電子制御装置50には、例えばクランク軸回転速度センサ52により検出されたクランク軸13の回転角度(位置)ACR及びクランク軸13の回転速度(すなわちエンジン12の回転速度)であるエンジン回転速度NEを表す信号、タービン回転速度センサ54により検出されたタービン軸30の回転速度であるタービン回転速度NTを表す信号、入力軸回転速度センサ56により検出された入力軸32の回転速度(すなわち無段変速機18の入力回転速度)である変速機入力回転速度NINを表す信号、出力軸回転速度センサ58により検出された車速Vに対応する出力軸44の回転速度(すなわち無段変速機18の出力回転速度)である変速機出力回転速度NOUTを表す信号、スロットルセンサ60により検出された電子スロットル弁40の開度であるスロットル弁開度θTHを表す信号、冷却水温センサ62により検出されたエンジン12の冷却水温THWを表す信号、CVT油温センサ64により検出された油圧制御回路100内の作動油の温度である作動油温THCVTを表す信号、アクセル開度センサ66により検出された運転者による車両10に対する加速要求量(ドライバ要求量)としてのアクセルペダル68の操作量であるアクセル開度Accを表す信号、吸入空気量センサ70により検出されたエンジン12の吸入空気量QAIRを表す信号、フットブレーキスイッチ72により検出された常用ブレーキであるフットブレーキの作動中(踏込操作中)を示すフットブレーキペダルが操作されたブレーキオンBONを表す信号、レバーポジションセンサ74により検出されたシフトレバー76のレバーポジション(操作位置、シフトポジション)PSHを表す信号、加速度センサ77により検出された車両10の加速度Gを表す信号などがそれぞれ供給されている。

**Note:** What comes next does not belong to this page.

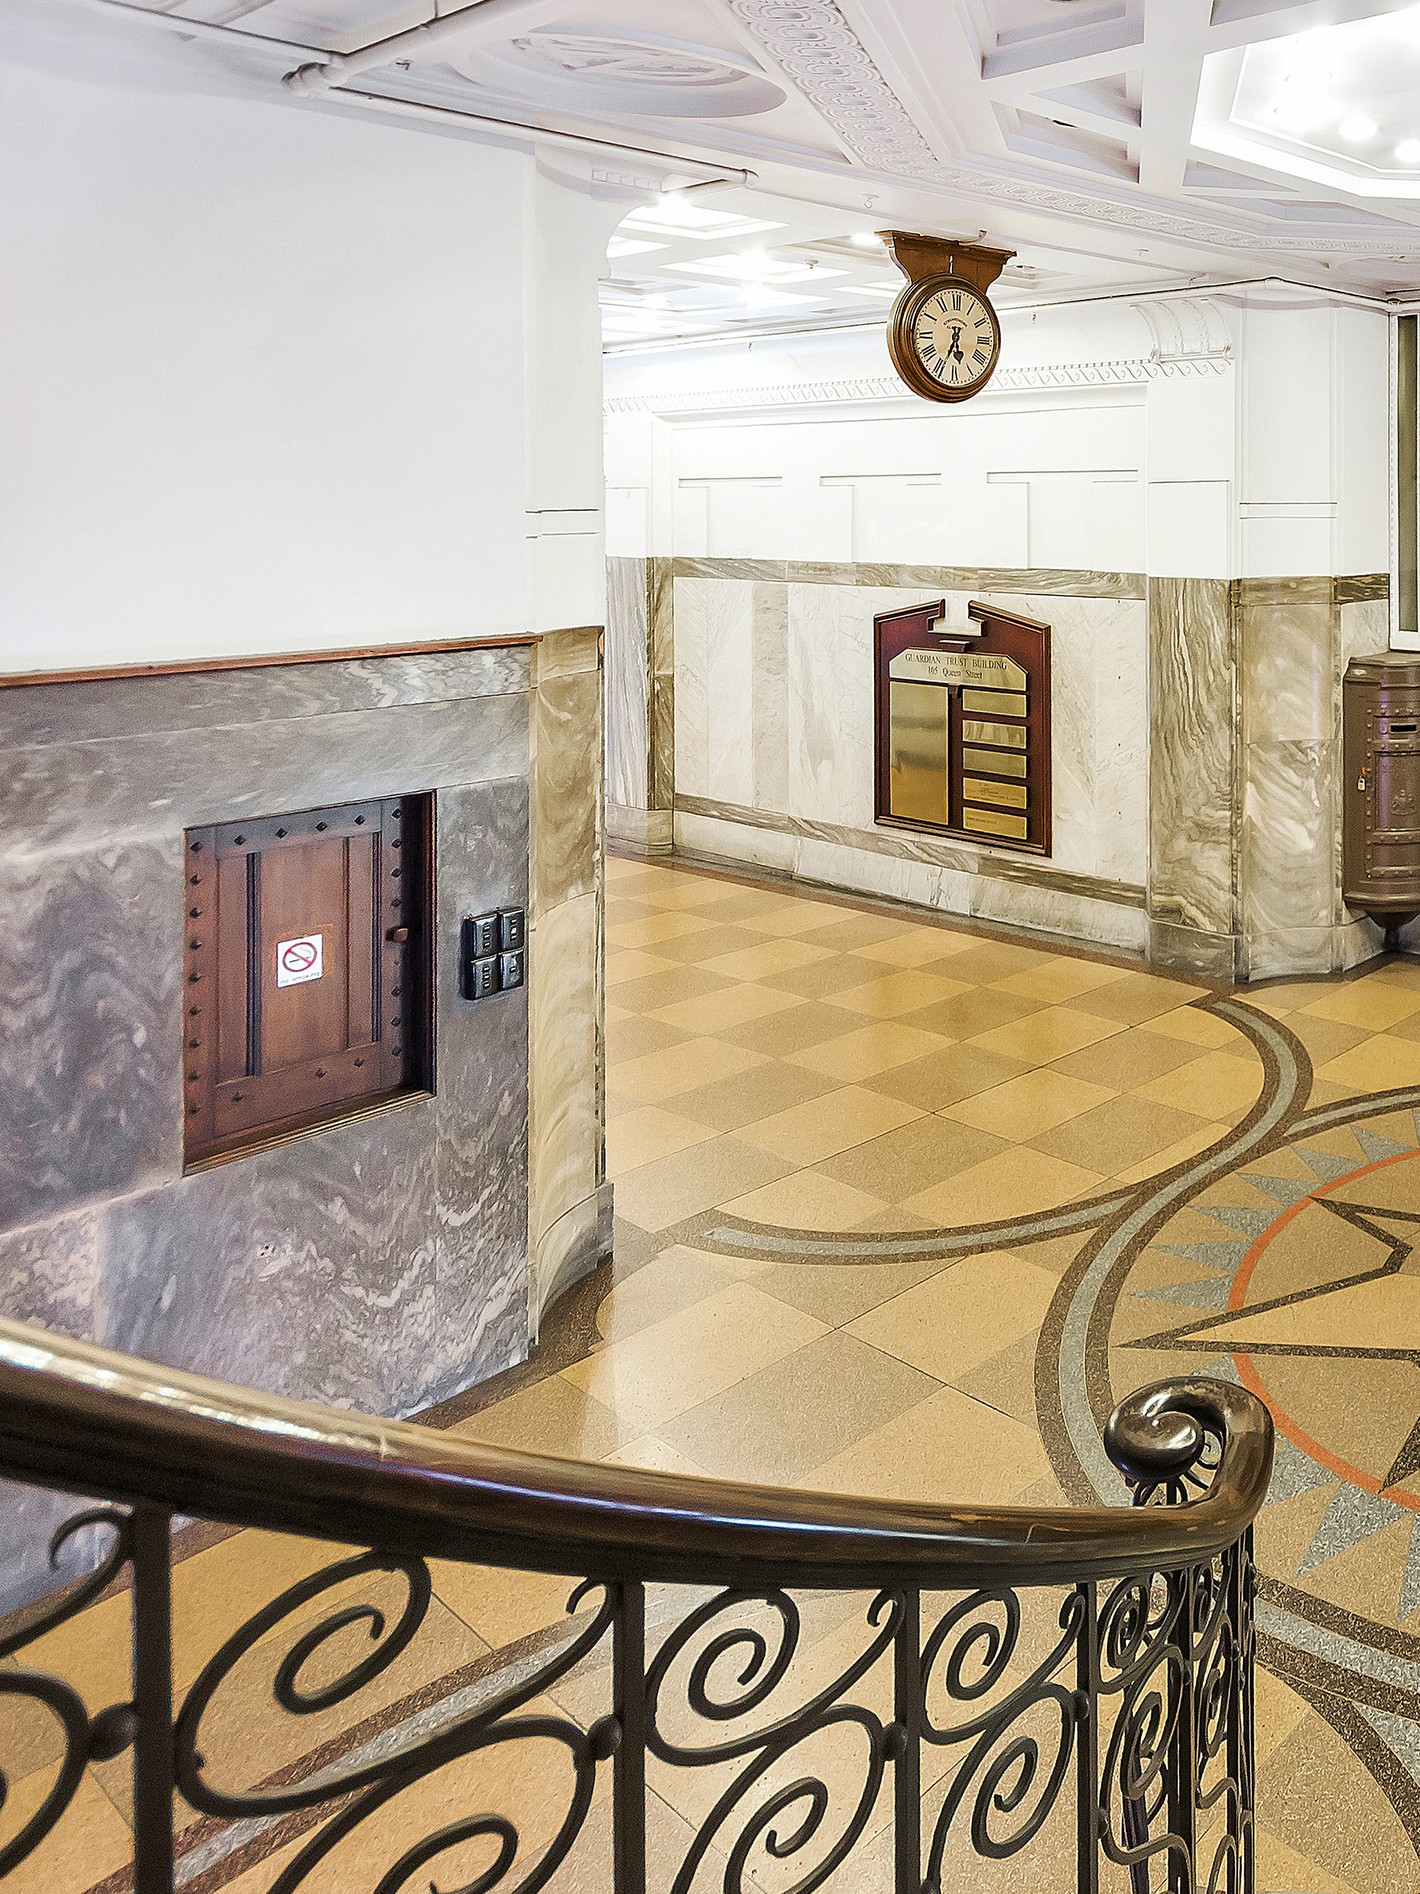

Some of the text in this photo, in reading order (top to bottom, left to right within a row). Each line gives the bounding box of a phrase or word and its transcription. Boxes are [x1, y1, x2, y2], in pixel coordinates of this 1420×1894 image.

[905, 653, 1007, 670] GUARDIAN TRUST BUILDING
[942, 667, 961, 677] Queen
[965, 670, 983, 679] Street

また、電子制御装置50からは、例えばエンジン12の出力制御の為のエンジン出力制御指令信号SEとして、電子スロットル弁40の開閉を制御する為のスロットルアクチュエータ38への駆動信号や燃料噴射装置78から噴射される燃料の量を制御する為の噴射信号や点火装置80によるエンジン12の点火時期を制御する為の点火時期信号などが出力される。また、無段変速機18の変速比γを変化させる為の変速制御指令信号ST例えば駆動側油圧シリンダ42cへの作動油の流量を制御するソレノイド弁DS1及びソレノイド弁DS2を駆動する為の油圧指令信号、伝動ベルト48の挟圧力を調整させる為の挟圧力制御指令信号SB例えばベルト挟圧Pdを調圧するリニアソレノイド弁SLSを駆動する為の油圧指令信号、ロックアップクラッチ26の係合、解放、スリップ量NSを制御する為のロックアップ制御指令信号SL例えば油圧制御回路100内のロックアップリレーバルブ124の弁位置を切り換える切換用ソレノイド弁SLを駆動する為の油圧指令信号やロックアップクラッチ26のトルク容量TCを調節するスリップ制御用リニアソレノイド弁SLUを駆動する為の油圧指令信号、ライン油圧PLを調圧するリニアソレノイド弁を駆動する為の油圧指令信号などが油圧制御回路100へ出力される。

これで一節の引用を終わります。